November 22nd, 2024

Laying It Out: When the purpose you serve is cruel, your actions will follow suit

By Medicine Hat News Opinion on September 19, 2020.

At what point in Premier Jason Kenney’s assault on all things decent do people point to the proverbial spade and say, “Oh look, a spade”?

As if playing a continued game of, “What deplorable insanity can I squeeze into a press conference this week instead of something a human would say,” Kenney felt now was an important time to remind us of the financial drain that is people with disabilities.

He tried to slap whatever it is he calls charm on the words, but the bottom line is he says too many people are collecting AISH that shouldn’t be, and that people like this should be working instead of receiving government cheques.

After all, don’t you know we’re in a “financial crisis?” Thanks to COVID, oil prices and other outside forces beyond any control or fault of Kenney or the UCP, Alberta is running a deficit this year that tops $24.2 billion.

If 70,000 disabled Albertans who bring in a maximum of $20,220 a year don’t chip in to pay that back, who will? Like, if you think having a disability and needing income support just to survive is bad, you should try being Alberta right now.

We barely even have the highest per-capita GDP of any province anymore, and thanks to Prime Minister Drama Teacher’s No More Pipelines Law, we’re only building two of ’em right now. Plus, we still have to recover the billions we’ll need for that 33 per cent corporate tax cut, which, if we didn’t immediately do, would have resulted in every business in the province leaving for Texas.

Under this fiscal emergency, we just can’t afford to have corporations and disabled people anymore. The UCP hoped to get us out of this mess last year when they stopped giving AISH recipients a cost-of-living increase, but for some unknown reason they still ran a deficit, so you can see that their hands are tied.

The only option a savvy government like ours could have in such a pickle is to ask some of the disabled people to stop being disabled. So, if it’s not too much trouble, a bunch of you need to quit faking and get a job.

Enough sarcasm.

Based on Kenney’s own words, the idea of reviewing qualification criteria would be to weed out those who the UCP decides aren’t disabled enough to be on AISH. What that percentage would be in their minds isn’t clear, but there is no denying that Kenney believes at least some AISH recipients shouldn’t be there.

Keep in mind that recipients as a whole collected a combined $1.285 billion last year.

Even if the UCP cut AISH entirely, the province would still have a $23-billion deficit. So, if you still think this unnecessary and cruel behaviour toward people is about a financial crisis, you’re as selfish as Kenney is.

As it stands, an AISH recipient with absolutely no outside support can take home a whopping $1,685 a month, but if they are able to find some work, the program will actually top them up above that amount. So, if you still think cutting people off is just about incentivizing them to find work, you’re not just selfish… you’re gullible.

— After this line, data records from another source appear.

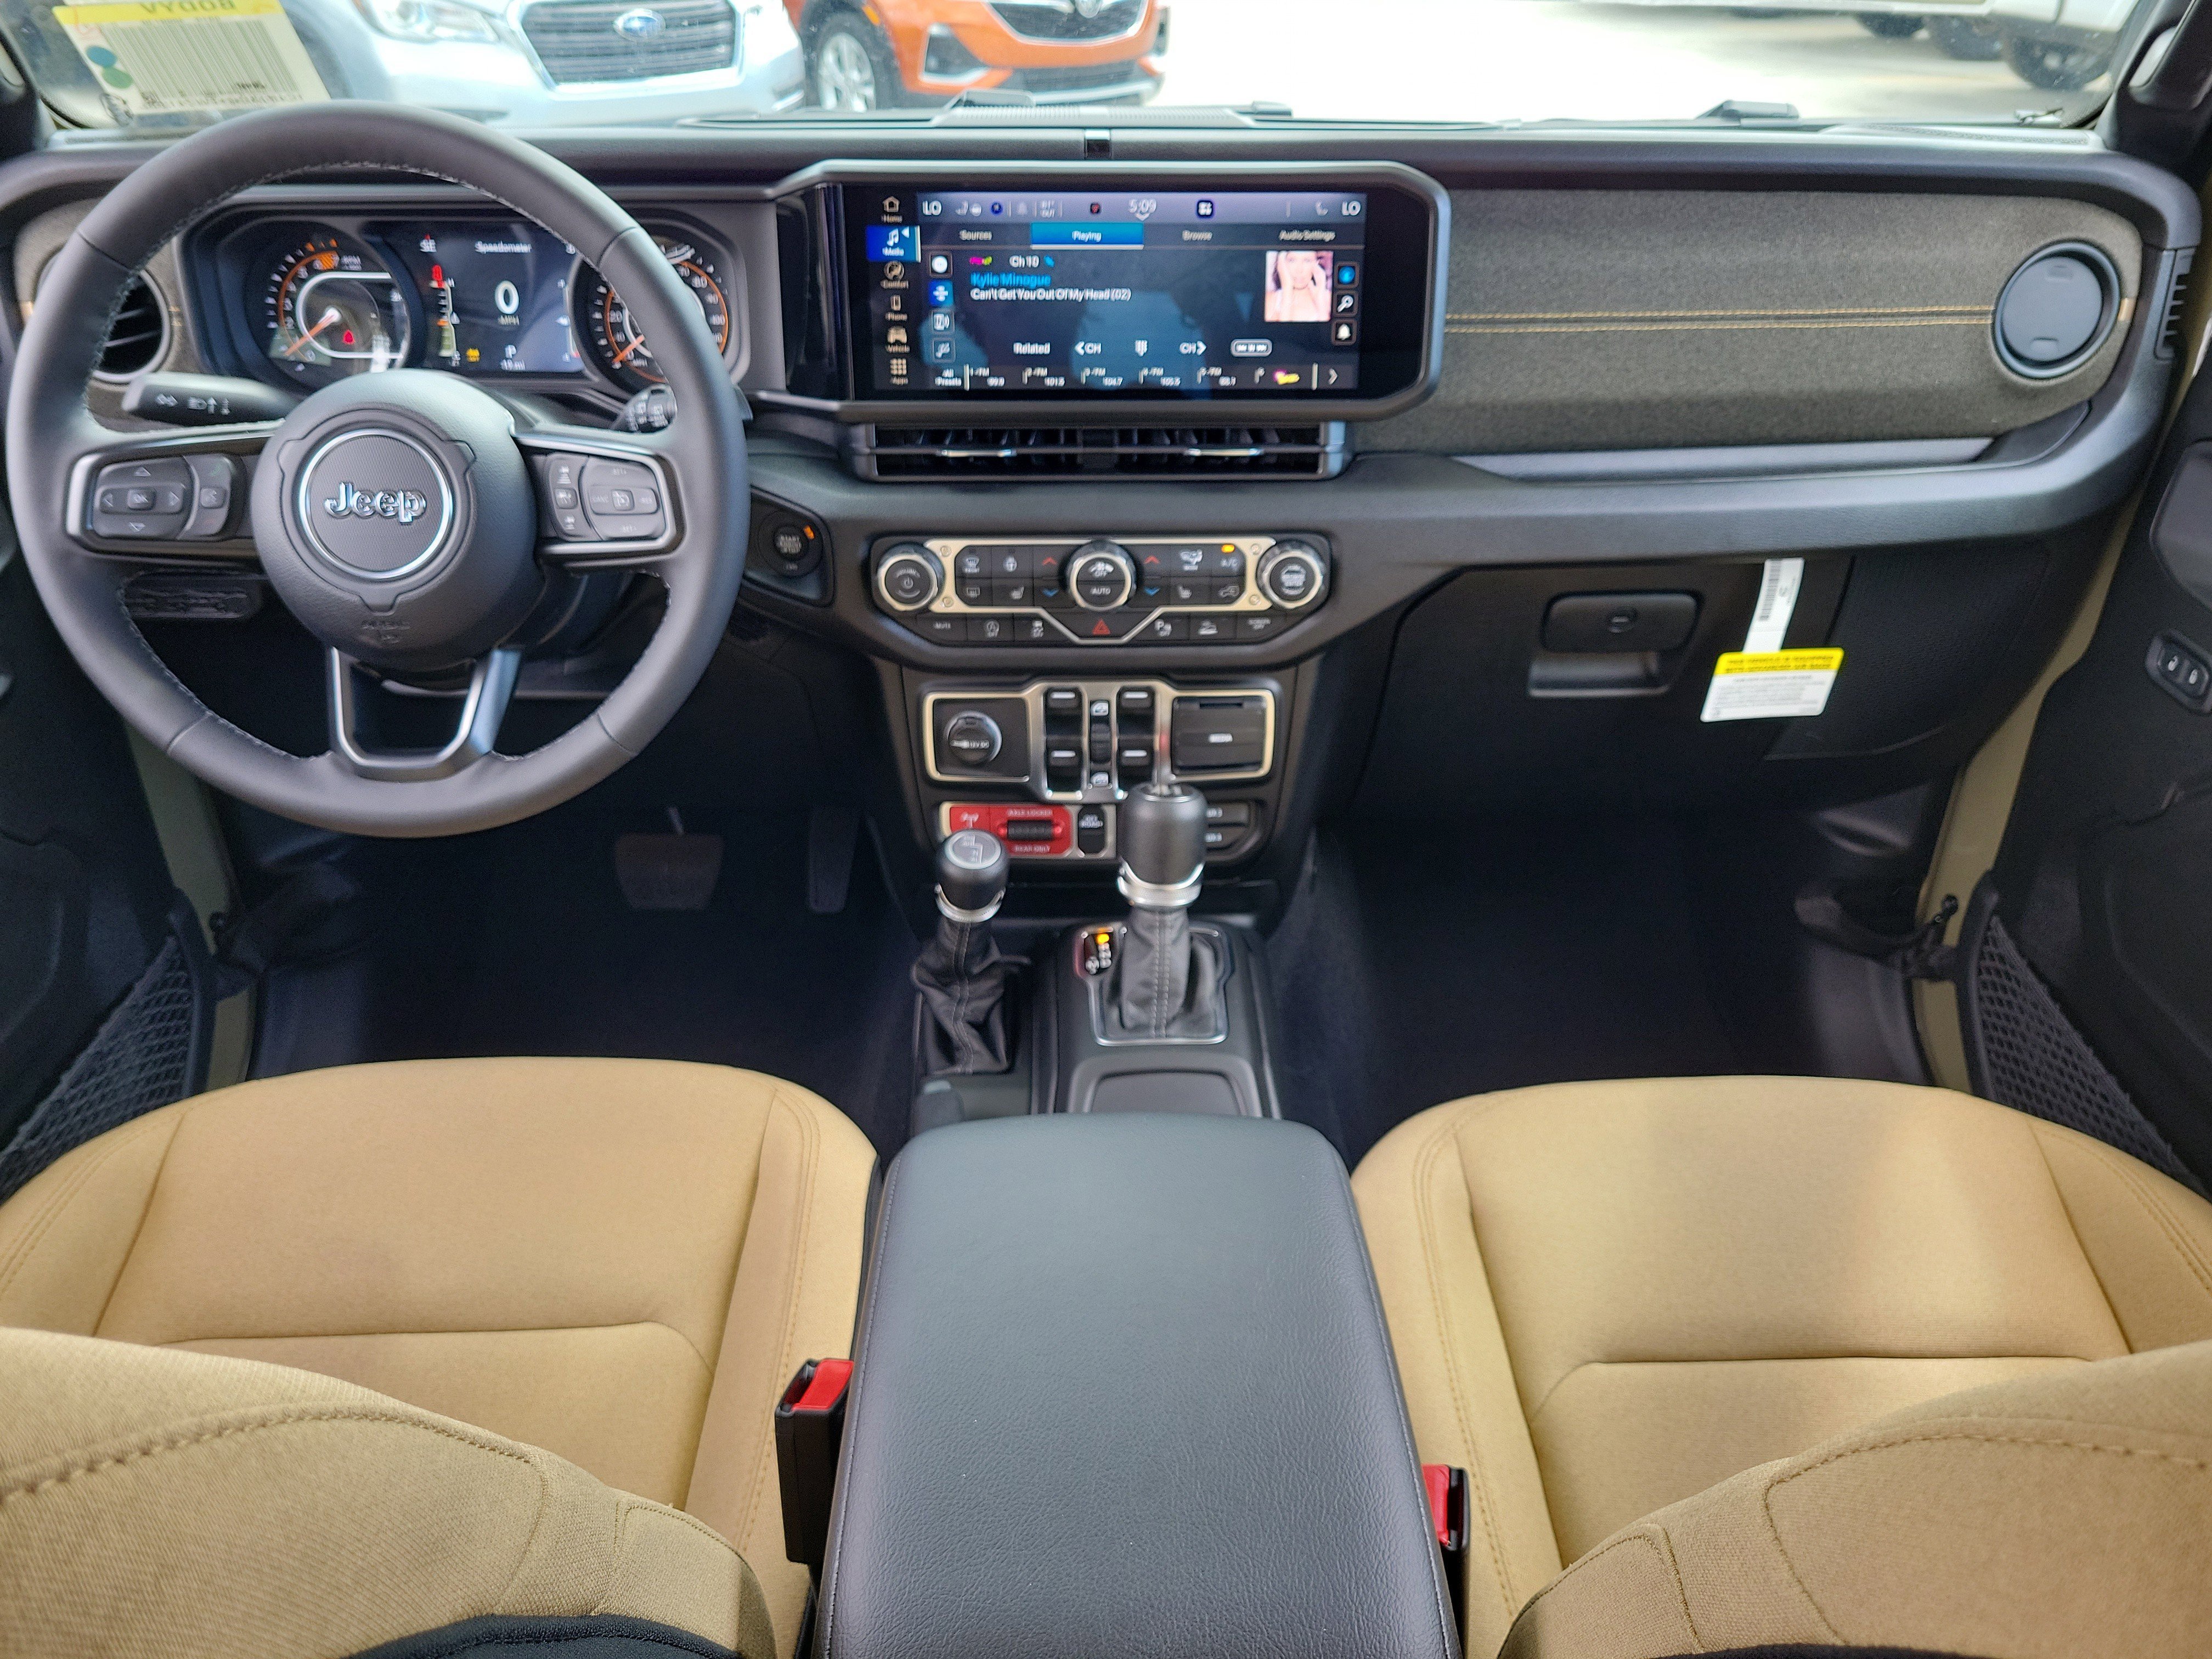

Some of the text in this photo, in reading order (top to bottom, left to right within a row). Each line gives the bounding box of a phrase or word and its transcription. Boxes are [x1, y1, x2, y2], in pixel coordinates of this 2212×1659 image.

[922, 200, 942, 215] LO
[1128, 199, 1157, 213] 5:09
[1341, 201, 1361, 216] LO
[1072, 230, 1102, 242] Playing
[1009, 255, 1026, 268] Ch
[970, 271, 1051, 289] Kylie Minogue
[970, 287, 1131, 302] Can't Get You Out Of My Head (02)
[1013, 342, 1050, 354] Related
[1084, 342, 1102, 354] CH
[1180, 342, 1197, 354] CH
[324, 481, 426, 523] Jeep
[1090, 587, 1111, 595] AUTO

The United Conservatives have taken aim at every single one of our most vulnerable, some on multiple occasions, and all before the halfway point of their term. Honestly, are there any Albertans left who don’t see what they’re doing? If there are, then why?

Email me. Tell me what Kenney has done to make Alberta better. Tell me that his every move hasn’t exacerbated problems he said he was coming here to fix. Tell me the future of this province is bright under this man’s so-called leadership.

Let’s say the UCP’s new criteria cuts AISH recipients by, say, 10 per cent. That would save a cool $128 million. Please give me an explanation for why taking survival support from a group of Albertans the size of Ponoka is worth knocking 0.14 per cent off the $94 billion in debt the province is about to be in.

Kenney doesn’t hate debt. He hates public services. He hates them because they cost money, but more importantly, he hates them because they clash with an individualistic ideology that has been ingrained into his pedestrian personality for 30 years.

Cutting off people with disabilities isn’t because Jason Kenney is willing to be cruel to get what he wants. Cutting off people with disabilities is because the thing Jason Kenney wants is cruel by nature.